Publicado por Ana Farias em 05.jul.2018

E as pessoas seguem ignorando os privilégios

Espero que vocês lembrem do burburinho que foi produzido depois que atrizes de Hollywood deram início ao movimento Time’s Up. A questão principal discutida naquele momento pelo movimento era a igualdade de gênero na indústria, seja por espaço ou por salários mais equivalentes.

Naquele mesmo período, tivemos um discurso incrível da Viola Davis durante a marcha das mulheres, com questionamentos bem importantes. Colocamos o vídeo dele aqui em baixo, mas não achamos nenhuma versão com legenda, desculpem… o que acaba sendo mais uma prova de que ainda não conseguimos ter acesso a tudo e que sim, vivemos em uma sociedade em que acesso é privilégio sim.

A nossa sociedade elogia figuras negras que se destacam, mas não a valorizam da mesma forma que valorizariam figuras brancas. E sim, isso é um privilégio.  Vale ainda citarmos uma declaração da Octavia Spencer, durante o Festival Sundance, sobre a sua descoberta de diferença de salário entre ela e sua amiga de elenco Jessica Chastain. A atriz negra, que já venceu um Oscar e está indicada em 2018 afirmou que negras ganham recebem menos que mulheres brancas e que para ter uma conversa sobre igualdade salarial, mulheres negras deveriam ser chamadas a falar. ¹

Jéssica se posicionou frente a produtores para que em obras que fizessem juntas os salários fossem equivalentes.
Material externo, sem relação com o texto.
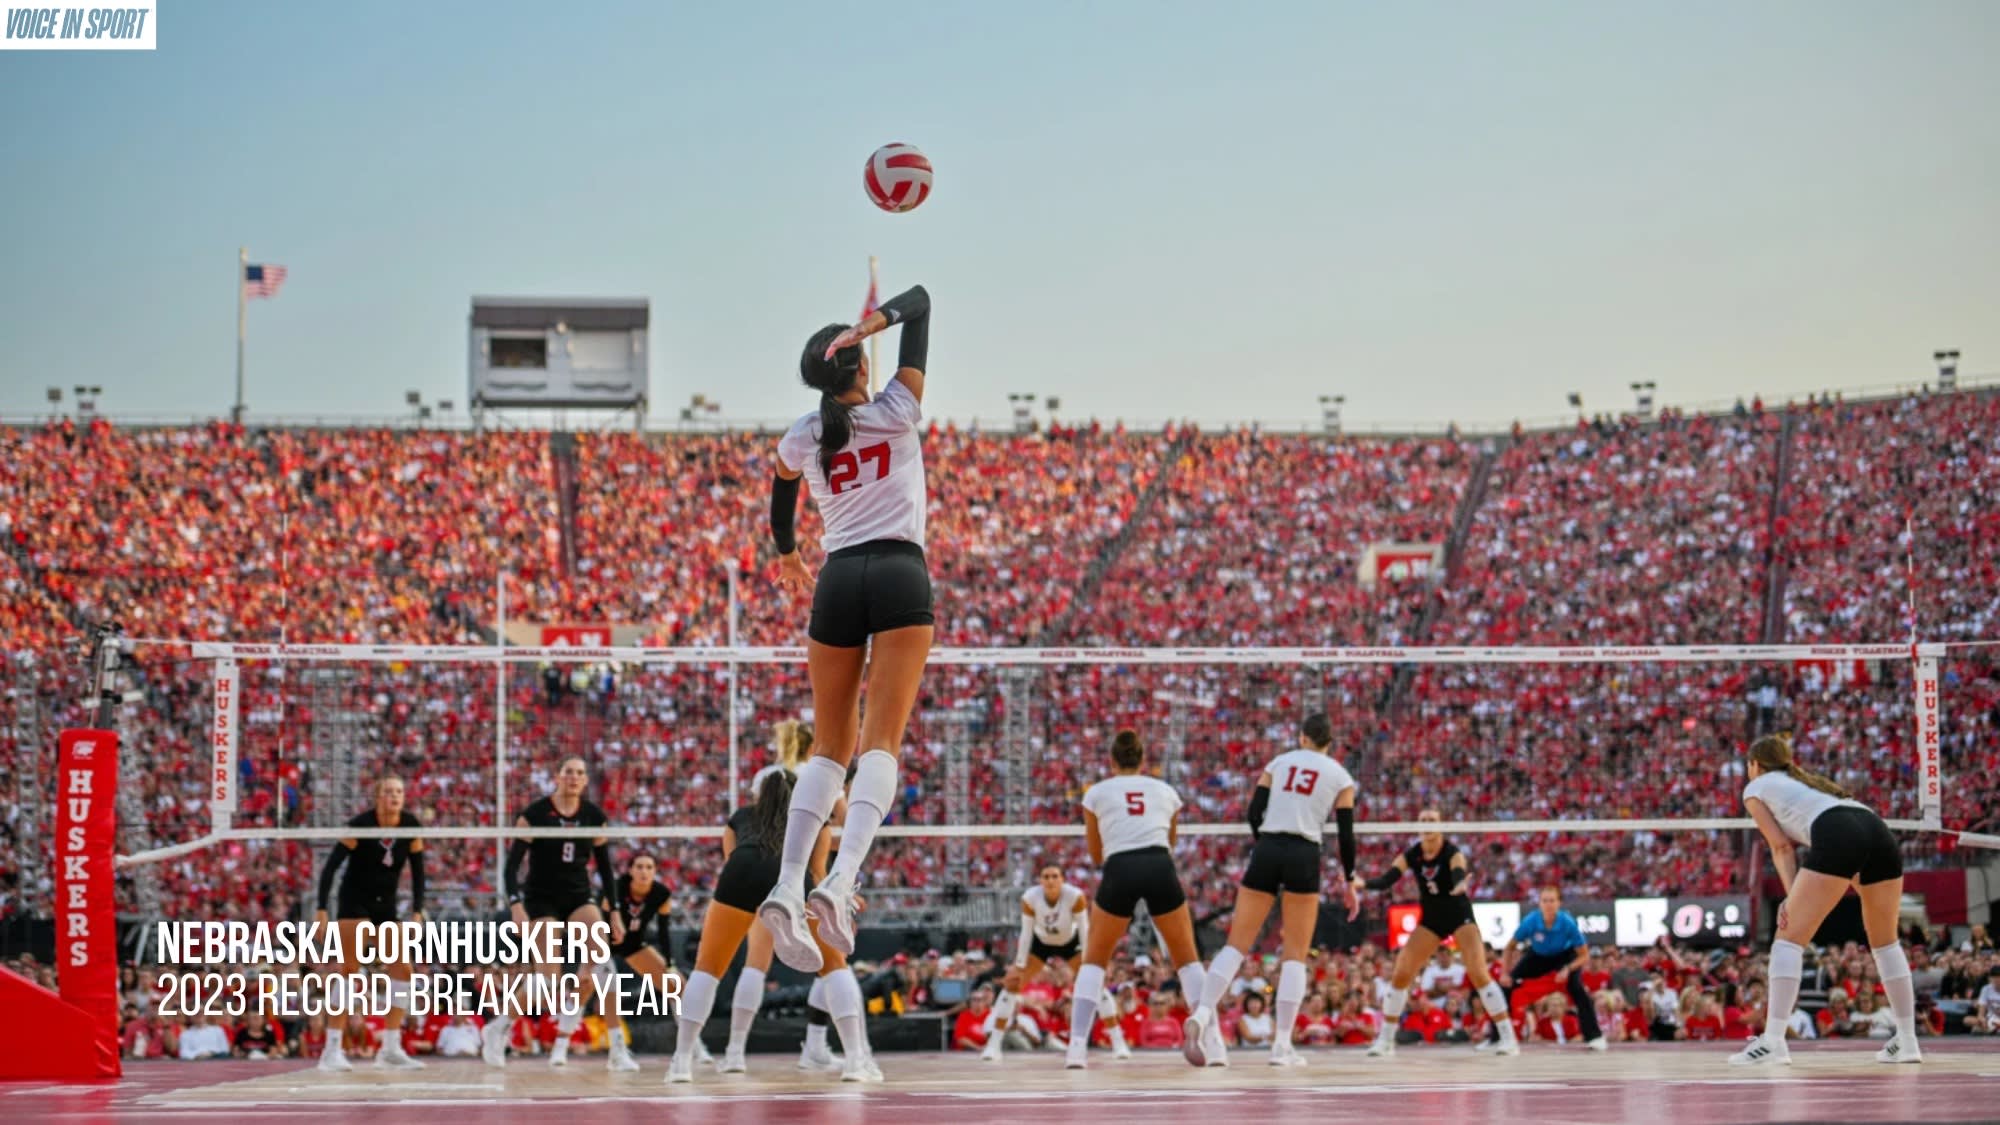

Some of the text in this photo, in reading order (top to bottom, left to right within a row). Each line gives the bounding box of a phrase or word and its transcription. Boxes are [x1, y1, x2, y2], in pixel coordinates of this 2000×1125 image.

Ainda comentou que se homens realmente se interessarem em fazer a diferença e quisessem construir uma sociedade mais igualitária pensariam da mesma forma. A questão não é a falta de dinheiro da indústria e sim a falta de interesse em ser mais igualitária.

Uma matéria do Jornal NEXO² ainda aponta essa falta de diversidade por trás das câmeras. Não adianta buscar uma inclusão nos que fazem parte de toda a produção de uma obra, se quando existe uma premiação as pessoas que escolhem e julgam essas produções não são pertencentes as minorias. A declaração da Cleissa Regina fala exatamente sobre isso.

“Num momento em que esses grupos [mulheres e negros] vêm tendo conquistas consideráveis no campo da produção audiovisual, como as cotas em editais de produção da Ancine e do Ministério da Cultura, é preciso pensar também na recepção (…) Se histórias mais diversas serão contadas, é preciso que olhares mais diversos analisem, avaliem, selecionem e ordenem essas histórias; bem como as premiem.” Cleissa Regina Martins no boletim “Raça e Gênero Na Curadoria e No Júri De Cinema”

Por isso, não basta apenas que a gente busque ações mais igualitárias, precisamos buscar a inclusão desses grupos nas nossas vivências. Para além disso, se você não faz parte desses grupos, é importante buscar maneiras de criar espaços para que esses grupos sejam vistos e ouvidos.